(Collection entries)
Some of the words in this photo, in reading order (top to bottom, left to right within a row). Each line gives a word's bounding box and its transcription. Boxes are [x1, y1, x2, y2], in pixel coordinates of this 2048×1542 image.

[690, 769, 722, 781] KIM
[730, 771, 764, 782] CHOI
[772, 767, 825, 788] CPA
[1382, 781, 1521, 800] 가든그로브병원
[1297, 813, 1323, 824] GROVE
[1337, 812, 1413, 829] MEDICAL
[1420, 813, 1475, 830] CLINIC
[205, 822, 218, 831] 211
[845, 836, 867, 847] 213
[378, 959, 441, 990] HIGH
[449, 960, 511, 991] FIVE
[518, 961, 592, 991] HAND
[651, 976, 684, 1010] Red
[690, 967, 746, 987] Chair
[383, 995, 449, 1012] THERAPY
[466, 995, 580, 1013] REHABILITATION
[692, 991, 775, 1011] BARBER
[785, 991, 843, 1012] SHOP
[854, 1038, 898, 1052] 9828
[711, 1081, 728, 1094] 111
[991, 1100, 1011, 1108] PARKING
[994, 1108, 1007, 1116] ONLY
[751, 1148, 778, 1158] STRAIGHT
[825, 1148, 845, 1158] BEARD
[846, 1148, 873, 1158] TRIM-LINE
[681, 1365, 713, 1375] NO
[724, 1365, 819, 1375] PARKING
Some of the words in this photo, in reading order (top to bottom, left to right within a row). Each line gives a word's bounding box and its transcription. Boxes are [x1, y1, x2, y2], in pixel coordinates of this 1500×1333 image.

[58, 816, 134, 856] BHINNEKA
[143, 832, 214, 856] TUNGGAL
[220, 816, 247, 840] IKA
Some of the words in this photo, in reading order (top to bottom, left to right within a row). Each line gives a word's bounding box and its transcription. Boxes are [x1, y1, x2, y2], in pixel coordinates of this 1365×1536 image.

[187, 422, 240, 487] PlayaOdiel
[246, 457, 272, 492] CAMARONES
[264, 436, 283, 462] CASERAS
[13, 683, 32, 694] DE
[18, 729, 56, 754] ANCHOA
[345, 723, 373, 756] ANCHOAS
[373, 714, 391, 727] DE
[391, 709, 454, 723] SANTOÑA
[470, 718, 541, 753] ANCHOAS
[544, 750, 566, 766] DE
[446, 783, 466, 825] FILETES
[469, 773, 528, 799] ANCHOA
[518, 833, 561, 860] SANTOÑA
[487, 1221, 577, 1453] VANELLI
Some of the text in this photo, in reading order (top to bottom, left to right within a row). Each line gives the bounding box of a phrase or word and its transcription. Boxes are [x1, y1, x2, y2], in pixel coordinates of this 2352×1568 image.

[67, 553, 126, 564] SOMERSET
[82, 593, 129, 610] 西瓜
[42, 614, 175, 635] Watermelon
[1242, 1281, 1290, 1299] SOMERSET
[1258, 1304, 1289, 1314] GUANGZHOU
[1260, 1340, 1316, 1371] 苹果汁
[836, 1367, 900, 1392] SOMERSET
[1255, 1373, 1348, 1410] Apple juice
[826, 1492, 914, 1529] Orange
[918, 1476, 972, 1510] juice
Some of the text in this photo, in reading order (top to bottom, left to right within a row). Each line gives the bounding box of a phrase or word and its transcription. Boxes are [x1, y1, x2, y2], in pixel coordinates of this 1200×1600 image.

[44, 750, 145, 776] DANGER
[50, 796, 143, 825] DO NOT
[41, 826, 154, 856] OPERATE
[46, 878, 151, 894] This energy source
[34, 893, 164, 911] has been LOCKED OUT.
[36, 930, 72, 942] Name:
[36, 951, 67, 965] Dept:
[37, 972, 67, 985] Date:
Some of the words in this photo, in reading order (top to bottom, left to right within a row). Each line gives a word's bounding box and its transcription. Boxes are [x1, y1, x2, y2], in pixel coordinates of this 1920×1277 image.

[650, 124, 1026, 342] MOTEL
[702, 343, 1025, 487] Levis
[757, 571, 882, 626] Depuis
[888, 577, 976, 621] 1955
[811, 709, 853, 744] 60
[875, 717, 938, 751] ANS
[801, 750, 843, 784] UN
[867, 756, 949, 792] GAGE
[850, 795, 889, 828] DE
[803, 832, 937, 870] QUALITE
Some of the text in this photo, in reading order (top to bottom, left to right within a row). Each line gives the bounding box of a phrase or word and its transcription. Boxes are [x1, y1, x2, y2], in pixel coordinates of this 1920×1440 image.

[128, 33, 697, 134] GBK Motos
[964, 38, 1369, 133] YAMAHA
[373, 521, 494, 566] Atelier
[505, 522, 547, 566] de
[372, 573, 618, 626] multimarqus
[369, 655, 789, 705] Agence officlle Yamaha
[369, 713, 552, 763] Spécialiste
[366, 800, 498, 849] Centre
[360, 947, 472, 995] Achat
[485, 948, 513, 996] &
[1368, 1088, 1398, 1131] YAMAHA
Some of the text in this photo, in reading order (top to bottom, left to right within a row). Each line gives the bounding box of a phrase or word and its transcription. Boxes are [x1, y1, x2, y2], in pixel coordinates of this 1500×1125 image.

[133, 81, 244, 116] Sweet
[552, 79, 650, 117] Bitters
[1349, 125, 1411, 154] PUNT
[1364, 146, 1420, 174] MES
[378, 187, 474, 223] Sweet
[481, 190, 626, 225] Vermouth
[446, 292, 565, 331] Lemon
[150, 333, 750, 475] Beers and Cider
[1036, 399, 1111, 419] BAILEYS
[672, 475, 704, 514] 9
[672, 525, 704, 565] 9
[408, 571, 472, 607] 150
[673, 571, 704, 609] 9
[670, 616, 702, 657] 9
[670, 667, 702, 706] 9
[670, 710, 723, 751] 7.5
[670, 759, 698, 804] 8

_Work instruction_: Reproduce every entry exactly, with nothing added or dropped.

_Answer space_:
Some of the words in this photo, in reading order (top to bottom, left to right within a row). Each line gives a word's bounding box and its transcription. Boxes are [x1, y1, x2, y2], in pixel coordinates of this 2048×1542 image.

[690, 769, 722, 781] KIM
[730, 771, 764, 782] CHOI
[772, 767, 825, 788] CPA
[1382, 781, 1521, 800] 가든그로브병원
[1297, 813, 1323, 824] GROVE
[1337, 812, 1413, 829] MEDICAL
[1420, 813, 1475, 830] CLINIC
[205, 822, 218, 831] 211
[845, 836, 867, 847] 213
[378, 959, 441, 990] HIGH
[449, 960, 511, 991] FIVE
[518, 961, 592, 991] HAND
[651, 976, 684, 1010] Red
[690, 967, 746, 987] Chair
[383, 995, 449, 1012] THERAPY
[466, 995, 580, 1013] REHABILITATION
[692, 991, 775, 1011] BARBER
[785, 991, 843, 1012] SHOP
[854, 1038, 898, 1052] 9828
[711, 1081, 728, 1094] 111
[991, 1100, 1011, 1108] PARKING
[994, 1108, 1007, 1116] ONLY
[751, 1148, 778, 1158] STRAIGHT
[825, 1148, 845, 1158] BEARD
[846, 1148, 873, 1158] TRIM-LINE
[681, 1365, 713, 1375] NO
[724, 1365, 819, 1375] PARKING
Some of the words in this photo, in reading order (top to bottom, left to right within a row). Each line gives a word's bounding box and its transcription. Boxes are [x1, y1, x2, y2], in pixel coordinates of this 1500×1333 image.

[58, 816, 134, 856] BHINNEKA
[143, 832, 214, 856] TUNGGAL
[220, 816, 247, 840] IKA
Some of the words in this photo, in reading order (top to bottom, left to right within a row). Each line gives a word's bounding box and its transcription. Boxes are [x1, y1, x2, y2], in pixel coordinates of this 1365×1536 image.

[187, 422, 240, 487] PlayaOdiel
[246, 457, 272, 492] CAMARONES
[264, 436, 283, 462] CASERAS
[13, 683, 32, 694] DE
[18, 729, 56, 754] ANCHOA
[345, 723, 373, 756] ANCHOAS
[373, 714, 391, 727] DE
[391, 709, 454, 723] SANTOÑA
[470, 718, 541, 753] ANCHOAS
[544, 750, 566, 766] DE
[446, 783, 466, 825] FILETES
[469, 773, 528, 799] ANCHOA
[518, 833, 561, 860] SANTOÑA
[487, 1221, 577, 1453] VANELLI
Some of the text in this photo, in reading order (top to bottom, left to right within a row). Each line gives the bounding box of a phrase or word and its transcription. Boxes are [x1, y1, x2, y2], in pixel coordinates of this 2352×1568 image.

[67, 553, 126, 564] SOMERSET
[82, 593, 129, 610] 西瓜
[42, 614, 175, 635] Watermelon
[1242, 1281, 1290, 1299] SOMERSET
[1258, 1304, 1289, 1314] GUANGZHOU
[1260, 1340, 1316, 1371] 苹果汁
[836, 1367, 900, 1392] SOMERSET
[1255, 1373, 1348, 1410] Apple juice
[826, 1492, 914, 1529] Orange
[918, 1476, 972, 1510] juice
Some of the text in this photo, in reading order (top to bottom, left to right within a row). Each line gives the bounding box of a phrase or word and its transcription. Boxes are [x1, y1, x2, y2], in pixel coordinates of this 1200×1600 image.

[44, 750, 145, 776] DANGER
[50, 796, 143, 825] DO NOT
[41, 826, 154, 856] OPERATE
[46, 878, 151, 894] This energy source
[34, 893, 164, 911] has been LOCKED OUT.
[36, 930, 72, 942] Name:
[36, 951, 67, 965] Dept:
[37, 972, 67, 985] Date:
Some of the words in this photo, in reading order (top to bottom, left to right within a row). Each line gives a word's bounding box and its transcription. Boxes are [x1, y1, x2, y2], in pixel coordinates of this 1920×1277 image.

[650, 124, 1026, 342] MOTEL
[702, 343, 1025, 487] Levis
[757, 571, 882, 626] Depuis
[888, 577, 976, 621] 1955
[811, 709, 853, 744] 60
[875, 717, 938, 751] ANS
[801, 750, 843, 784] UN
[867, 756, 949, 792] GAGE
[850, 795, 889, 828] DE
[803, 832, 937, 870] QUALITE
Some of the text in this photo, in reading order (top to bottom, left to right within a row). Each line gives the bounding box of a phrase or word and its transcription. Boxes are [x1, y1, x2, y2], in pixel coordinates of this 1920×1440 image.

[128, 33, 697, 134] GBK Motos
[964, 38, 1369, 133] YAMAHA
[373, 521, 494, 566] Atelier
[505, 522, 547, 566] de
[372, 573, 618, 626] multimarqus
[369, 655, 789, 705] Agence officlle Yamaha
[369, 713, 552, 763] Spécialiste
[366, 800, 498, 849] Centre
[360, 947, 472, 995] Achat
[485, 948, 513, 996] &
[1368, 1088, 1398, 1131] YAMAHA
Some of the text in this photo, in reading order (top to bottom, left to right within a row). Each line gives the bounding box of a phrase or word and its transcription. Boxes are [x1, y1, x2, y2], in pixel coordinates of this 1500×1125 image.

[133, 81, 244, 116] Sweet
[552, 79, 650, 117] Bitters
[1349, 125, 1411, 154] PUNT
[1364, 146, 1420, 174] MES
[378, 187, 474, 223] Sweet
[481, 190, 626, 225] Vermouth
[446, 292, 565, 331] Lemon
[150, 333, 750, 475] Beers and Cider
[1036, 399, 1111, 419] BAILEYS
[672, 475, 704, 514] 9
[672, 525, 704, 565] 9
[408, 571, 472, 607] 150
[673, 571, 704, 609] 9
[670, 616, 702, 657] 9
[670, 667, 702, 706] 9
[670, 710, 723, 751] 7.5
[670, 759, 698, 804] 8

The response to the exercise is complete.